Návrat idiota
Czech Republic,
1999, 100 min
Shown in 2000
CREDITS
OTHER
COMMENTS
Pavel Liska and Tatiana Vilhelmová in person.Sasa Gedeon’s second feature is an eccentric, exceptionally detailed tale told with confidence and a wry sense of humor. Loosely based on Dostoyevsky’s The Idiot, the film is more than a mere adaptation: It is a riff on the novel’s themes, and the cultural and spiritual landscape of post-Communist Central Europe is predominant. The story centers around a small Czech town whose humdrum rhythms are interrupted by the arrival of a young man recently released from a mental institution. He gets caught up in the town’s romantic entanglements, and his slightly confused interpretation of events ironically helps everyone bring their feelings into focus.
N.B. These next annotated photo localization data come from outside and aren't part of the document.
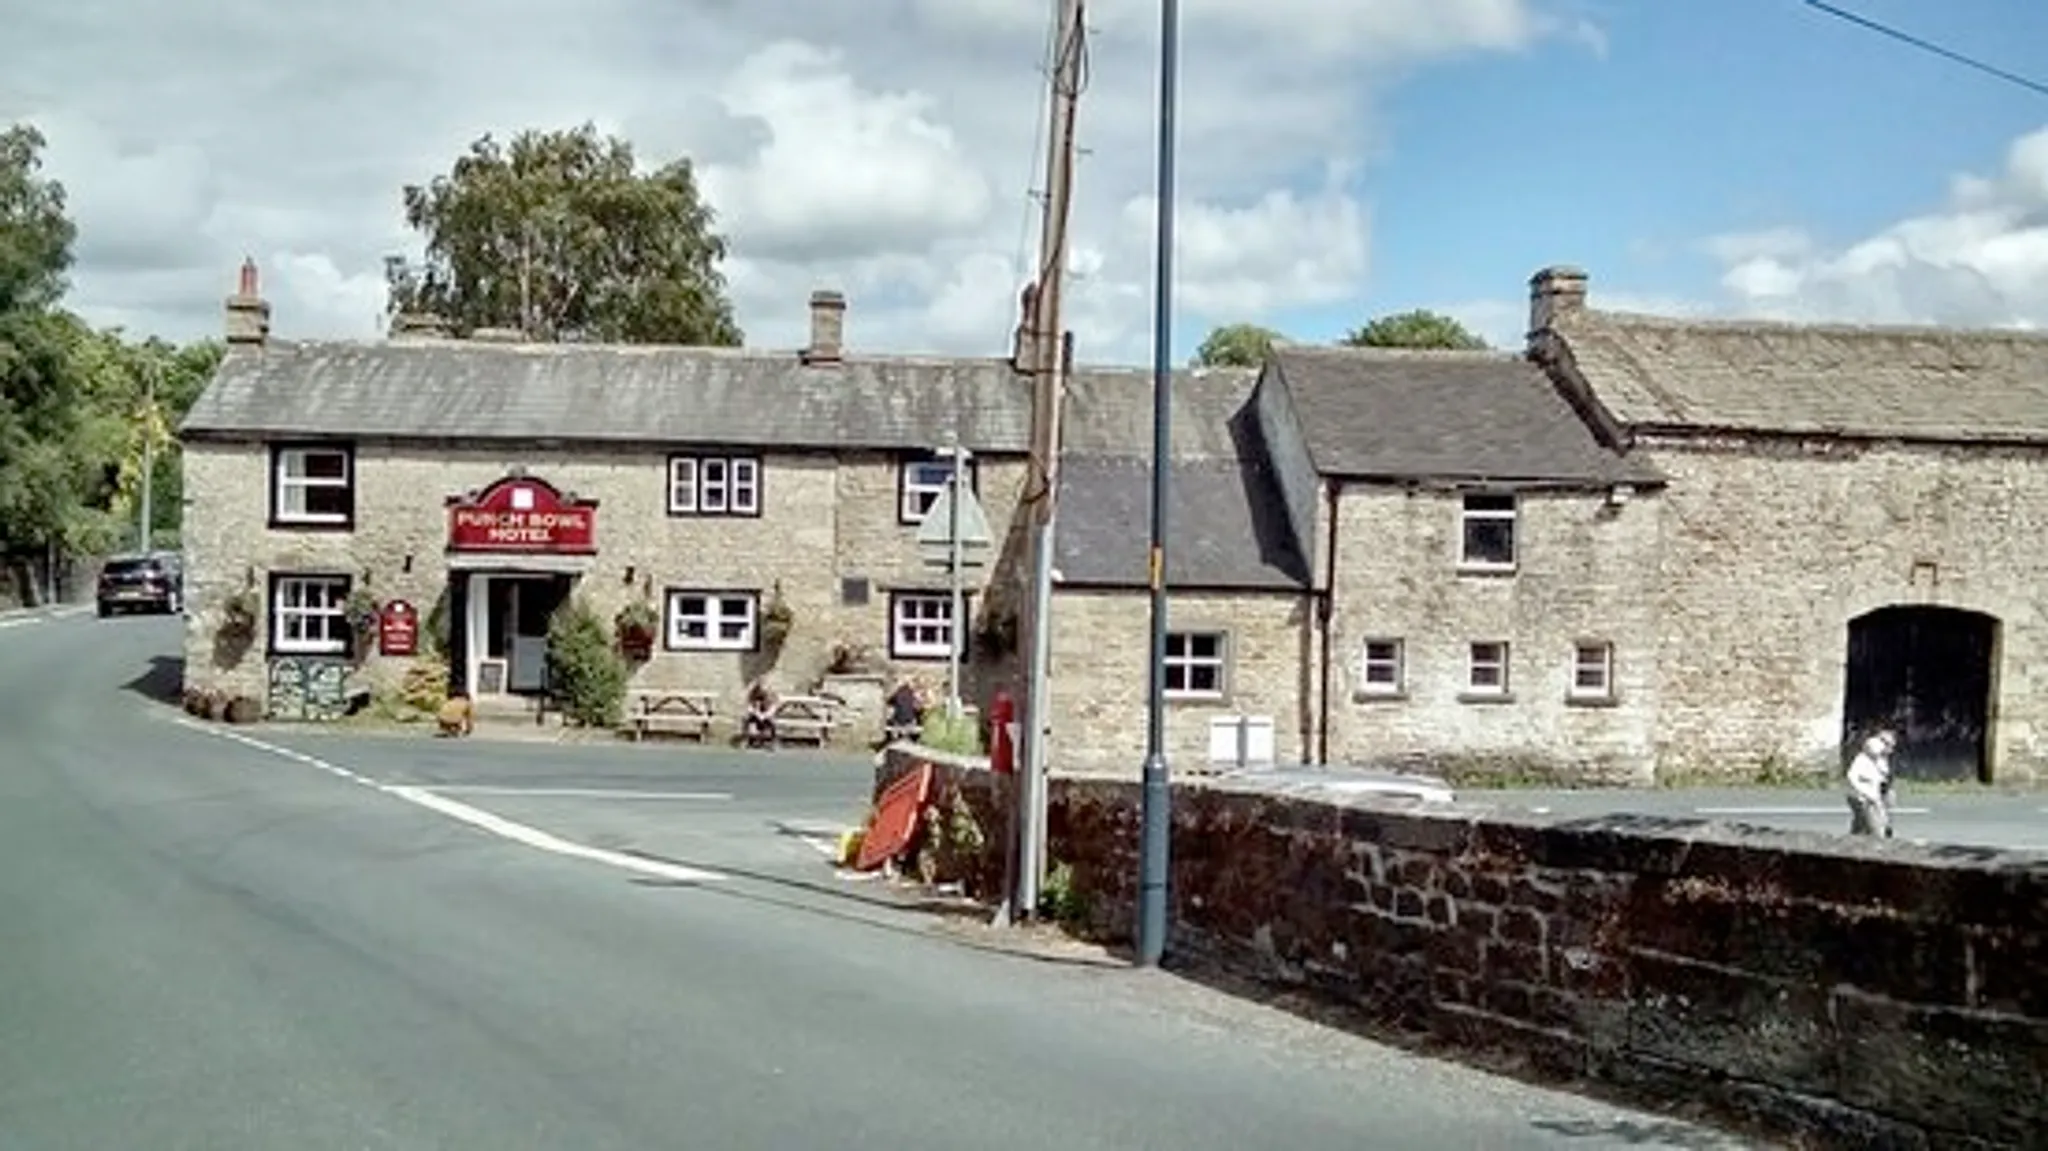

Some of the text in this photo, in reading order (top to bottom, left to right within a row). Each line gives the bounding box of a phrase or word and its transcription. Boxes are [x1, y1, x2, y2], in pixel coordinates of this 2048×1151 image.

[457, 512, 585, 529] PUNCH BOWL
[488, 528, 552, 541] HOTEL
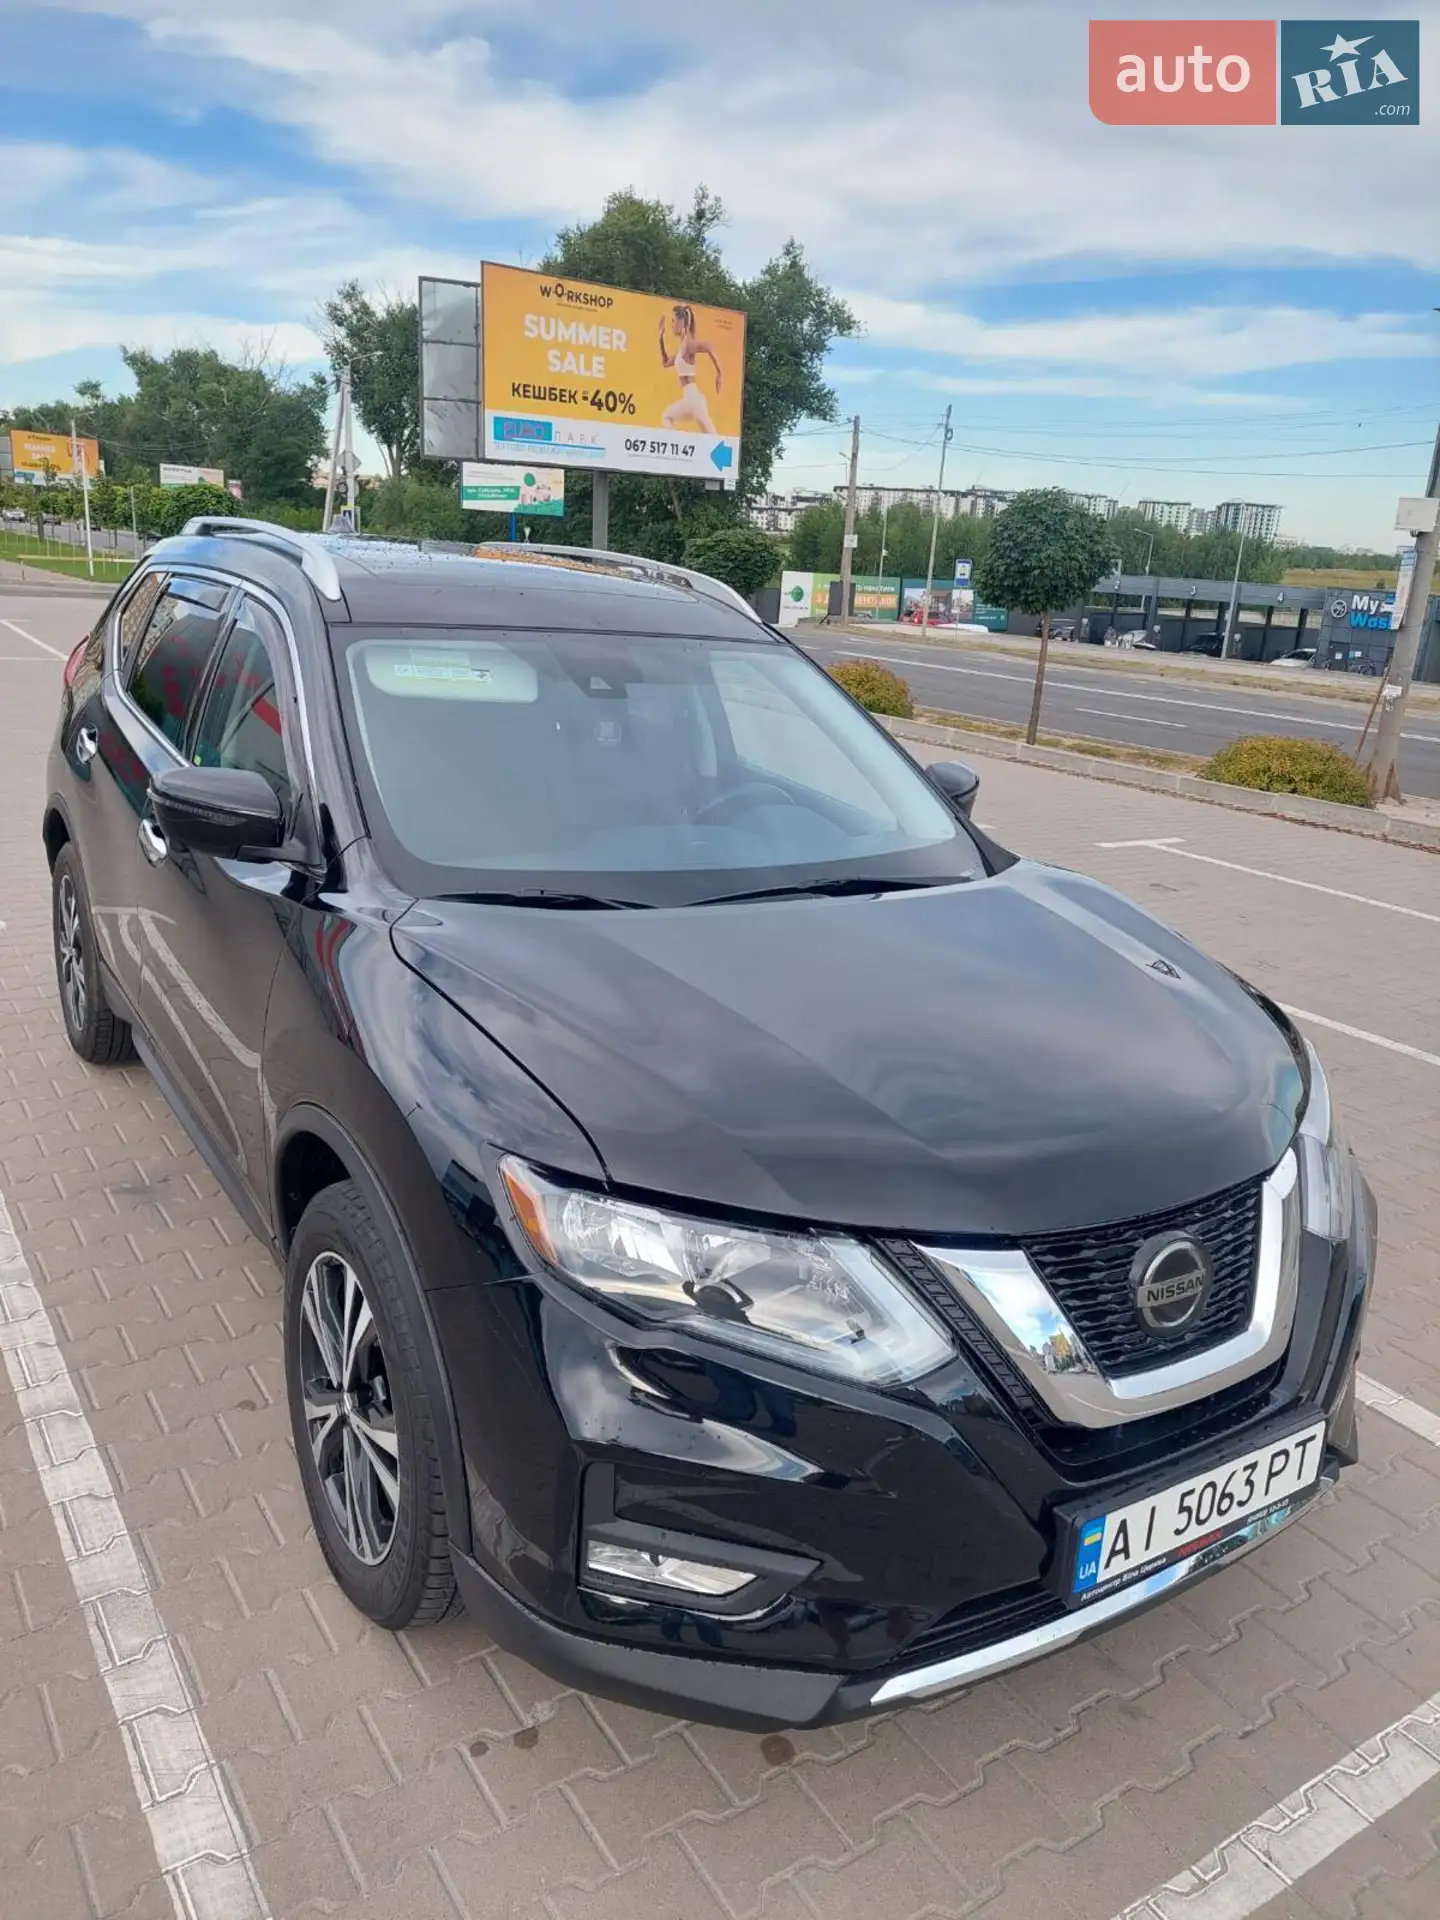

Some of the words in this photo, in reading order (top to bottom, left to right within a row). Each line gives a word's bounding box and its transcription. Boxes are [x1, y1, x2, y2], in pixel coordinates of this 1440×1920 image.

[540, 283, 614, 308] WORKSHOP
[524, 313, 627, 352] SUMMER
[547, 349, 606, 378] SALE
[511, 382, 578, 405] КЕШБЕК
[625, 438, 646, 452] 067
[650, 441, 668, 454] 517
[671, 443, 679, 455] 11
[682, 445, 695, 457] 47
[1190, 585, 1196, 595] 3
[1277, 592, 1284, 603] 4
[1351, 594, 1379, 615] My
[1147, 1273, 1205, 1301] NISSAN
[1104, 1505, 1156, 1570] AI
[1173, 1460, 1258, 1536] 5063
[1264, 1434, 1317, 1497] PT
[1079, 1560, 1096, 1580] UA
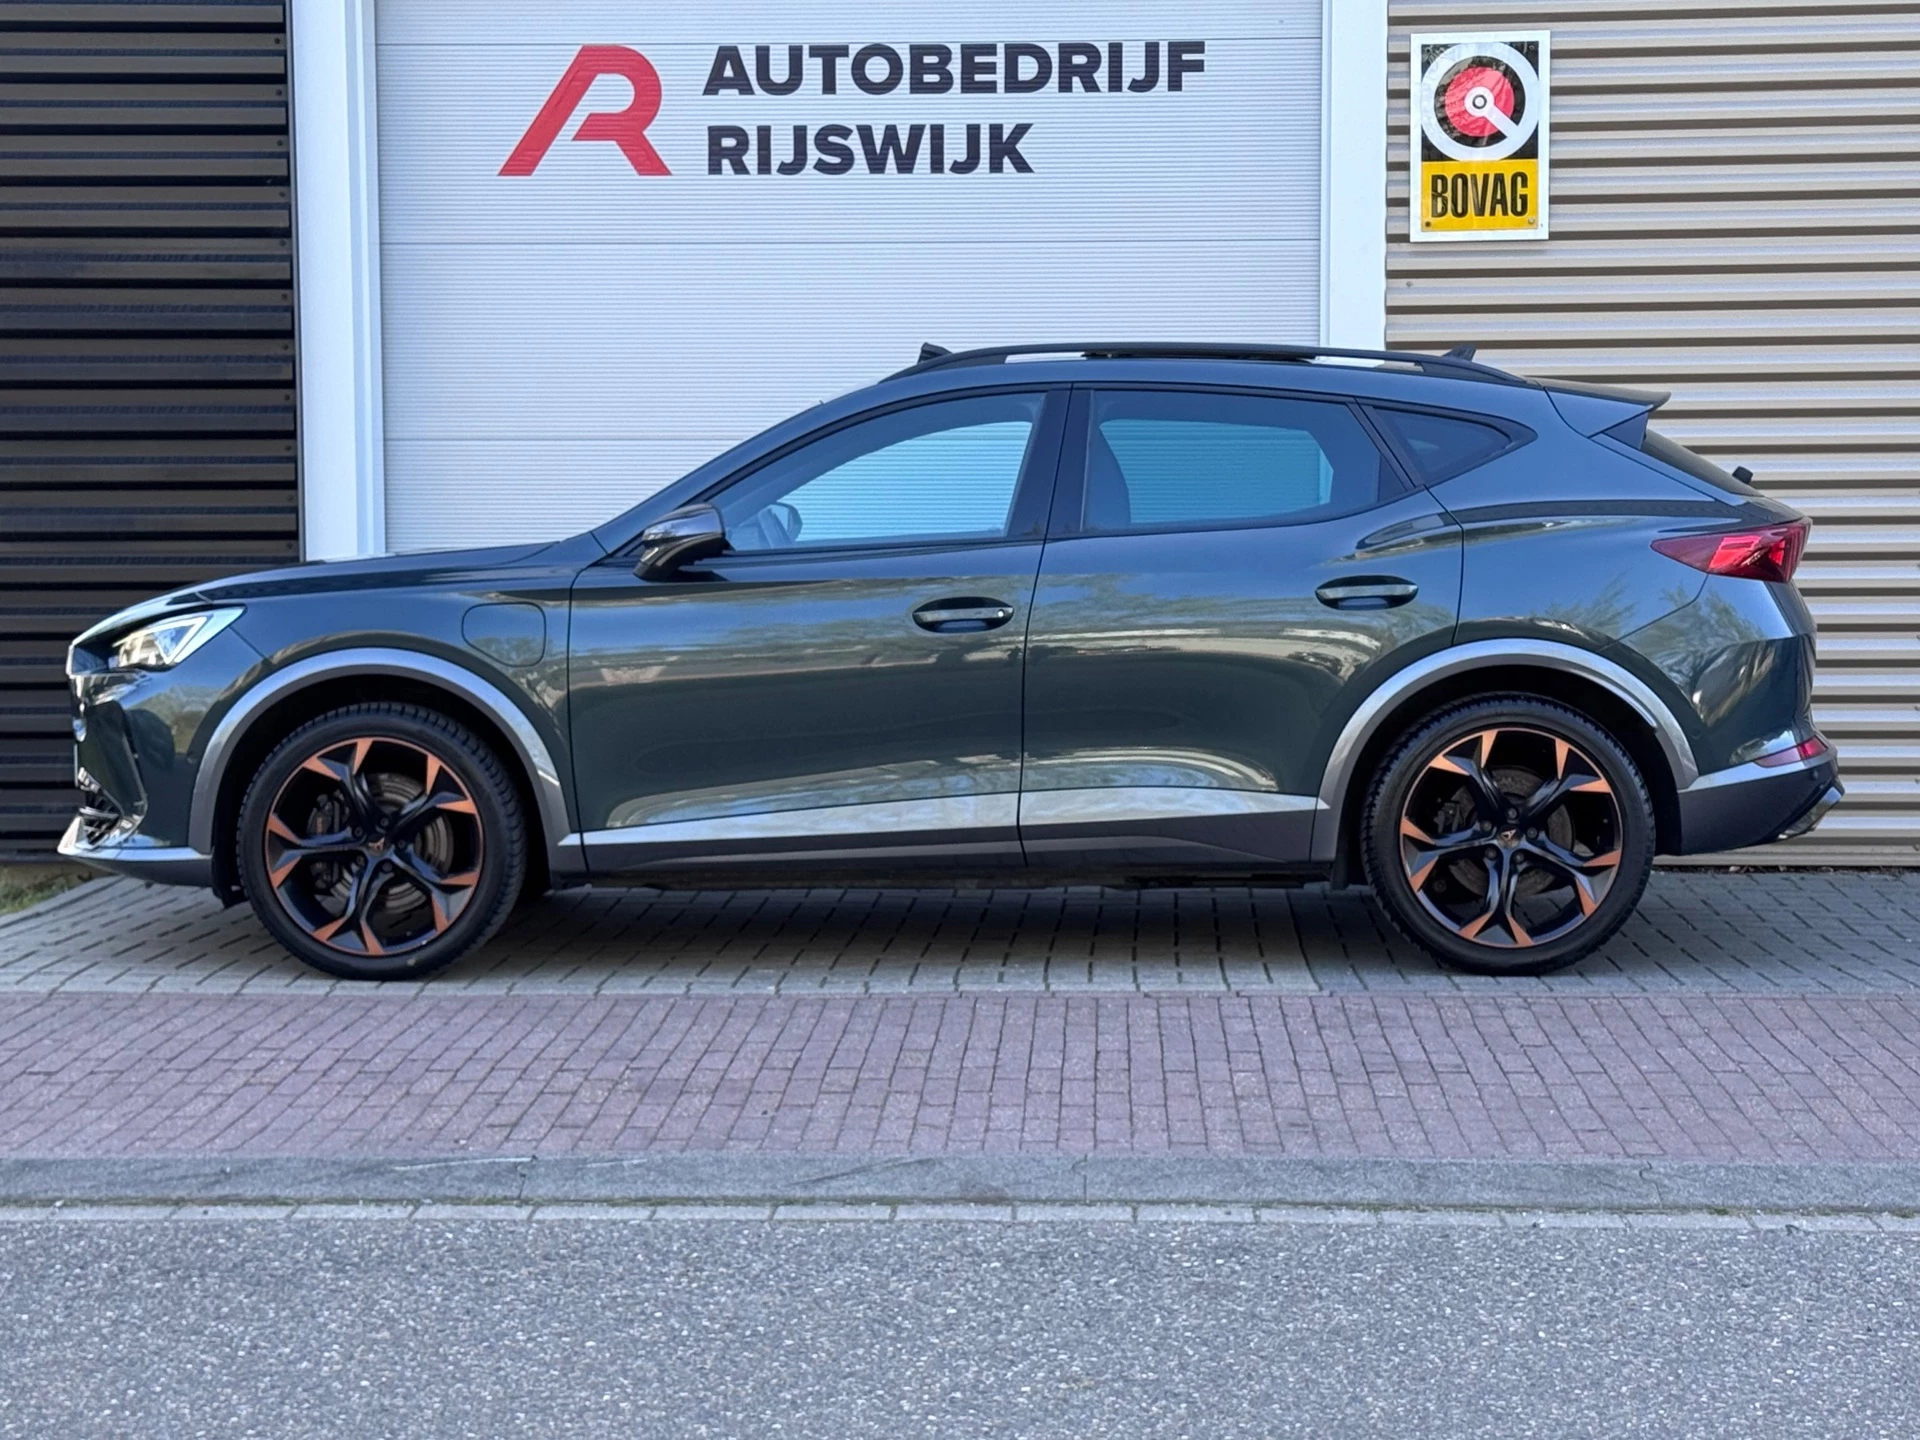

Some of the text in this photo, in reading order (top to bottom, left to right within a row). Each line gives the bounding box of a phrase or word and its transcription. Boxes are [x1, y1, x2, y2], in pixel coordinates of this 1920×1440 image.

[702, 41, 1206, 95] AUTOBEDRIJF
[707, 123, 1035, 175] RIJSWIJK
[1430, 171, 1529, 218] BOVAG
There’s a patient, intensely cinematic consciousness at work here. Gedeon’s pacing is deliciously slow, and he’s quite happy to linger awkwardly on certain moments, suggesting but never fully enunciating their transcendent possibilities. Cinematographer Stepan Kucera’s images are rich without being excessive, and the framing and timing of his slow zoom shots make them nothing short of luminous. Along with other recent films like Raoul Ruiz’s Time Regained, this is a work that redefines the terms of exchange between film and literature.